The researchers conclude:

The human iPS [induced pluripotent stem] cells described here meet the defining criteria we originally proposed for human ES cells, with the significant exception that the iPS cells are not derived from embryos. Similar to human ES cells, human iPS cells should prove useful for studying the development and function of human tissues, for discovering and testing new drugs, and for transplantation medicine. For transplantation therapies based on these cells, with the exception of autoimmune diseases, patient-specific iPS cell lines should largely eliminate the concern of immune rejection. It is important to understand, however, that before the cells can be used in the clinic, additional work is required to avoid vectors that integrate into the genome, potentially introducing mutations at the insertion site. For drug development, human iPS cells should make it easier to generate panels of cell lines that more closely reflect the genetic diversity of a population, and should make it possible to generate cell lines from individuals predisposed to specific diseases.
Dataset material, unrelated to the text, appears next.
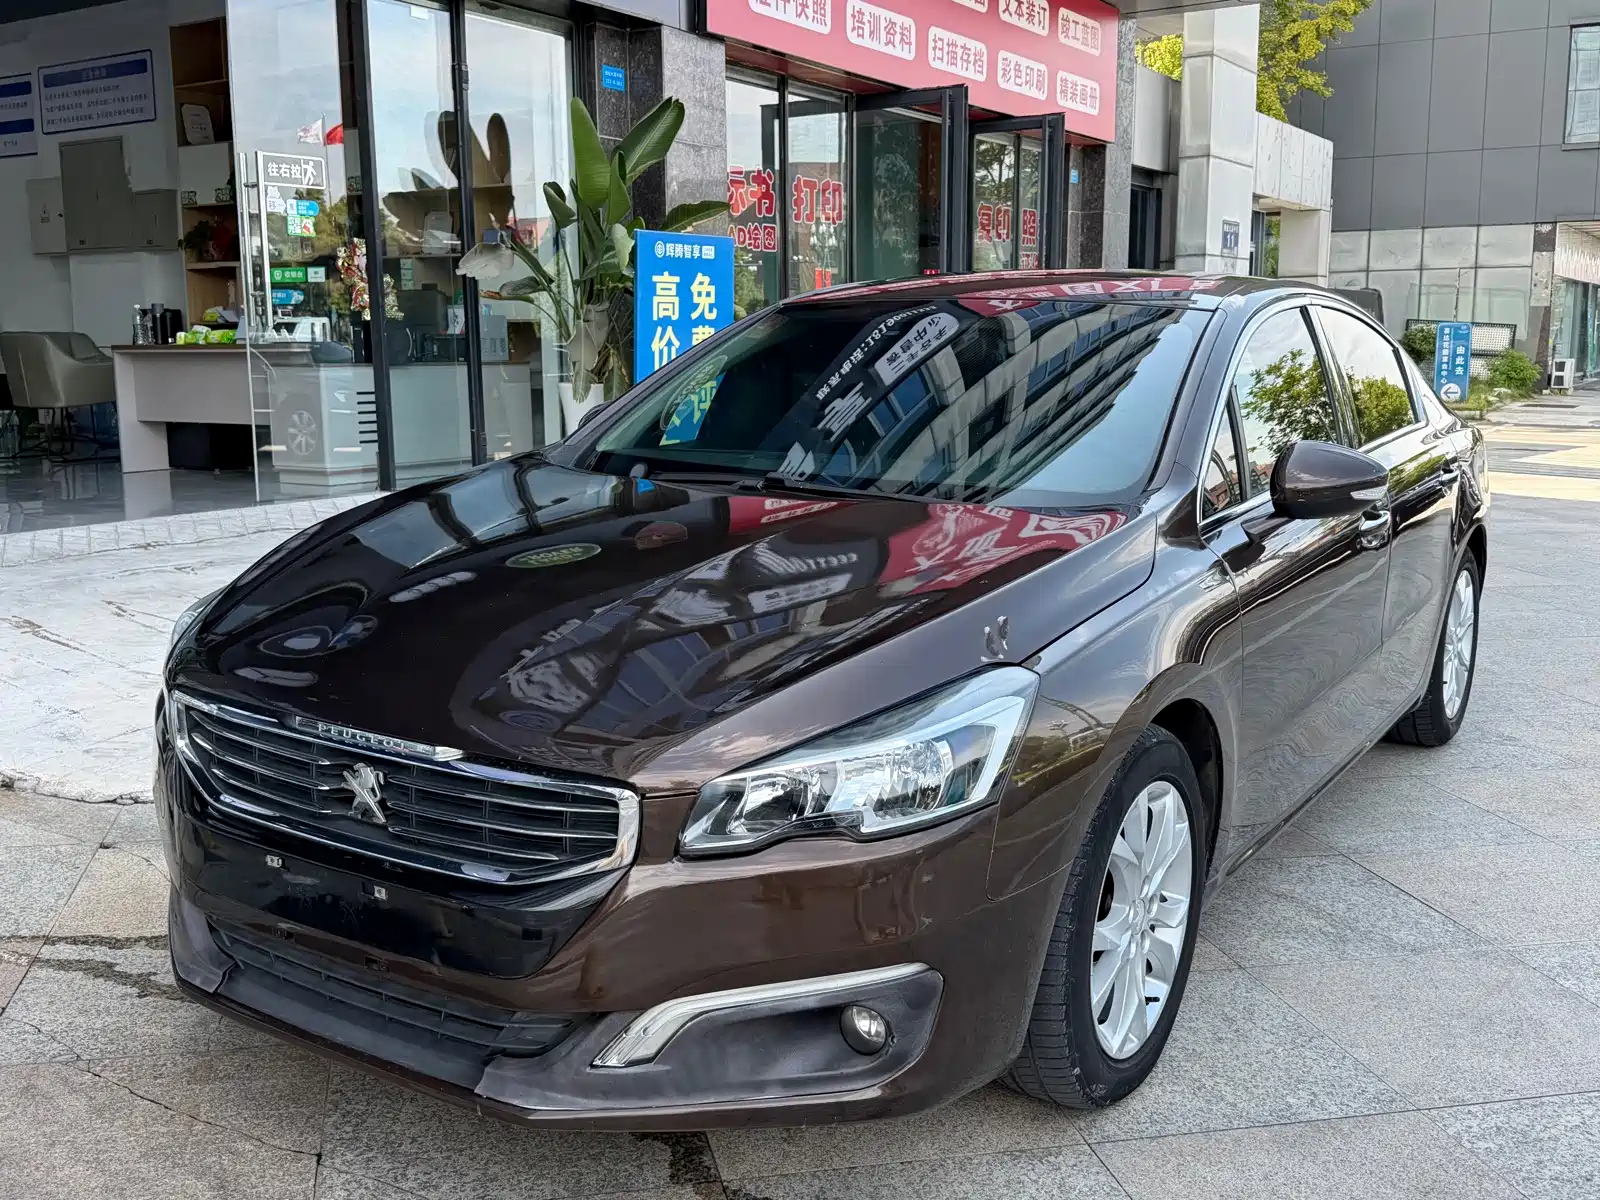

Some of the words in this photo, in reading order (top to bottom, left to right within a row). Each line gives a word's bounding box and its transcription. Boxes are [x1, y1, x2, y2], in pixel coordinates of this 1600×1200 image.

Human ES cells remain controversial because their derivation involves the destruction of human preimplantation embryos and iPS cells remove this concern. However, further work is needed to determine if human iPS cells differ in clinically significant ways from ES cells.

In other words, the eventual hope is that by dosing the somatic cells of patients with these four genes that physicians will be able to produce stem cells that would be perfect transplants to replace damaged, diseased or aged tissues and organs. In addition, further research using human embryonic stem cells is needed to validate these results.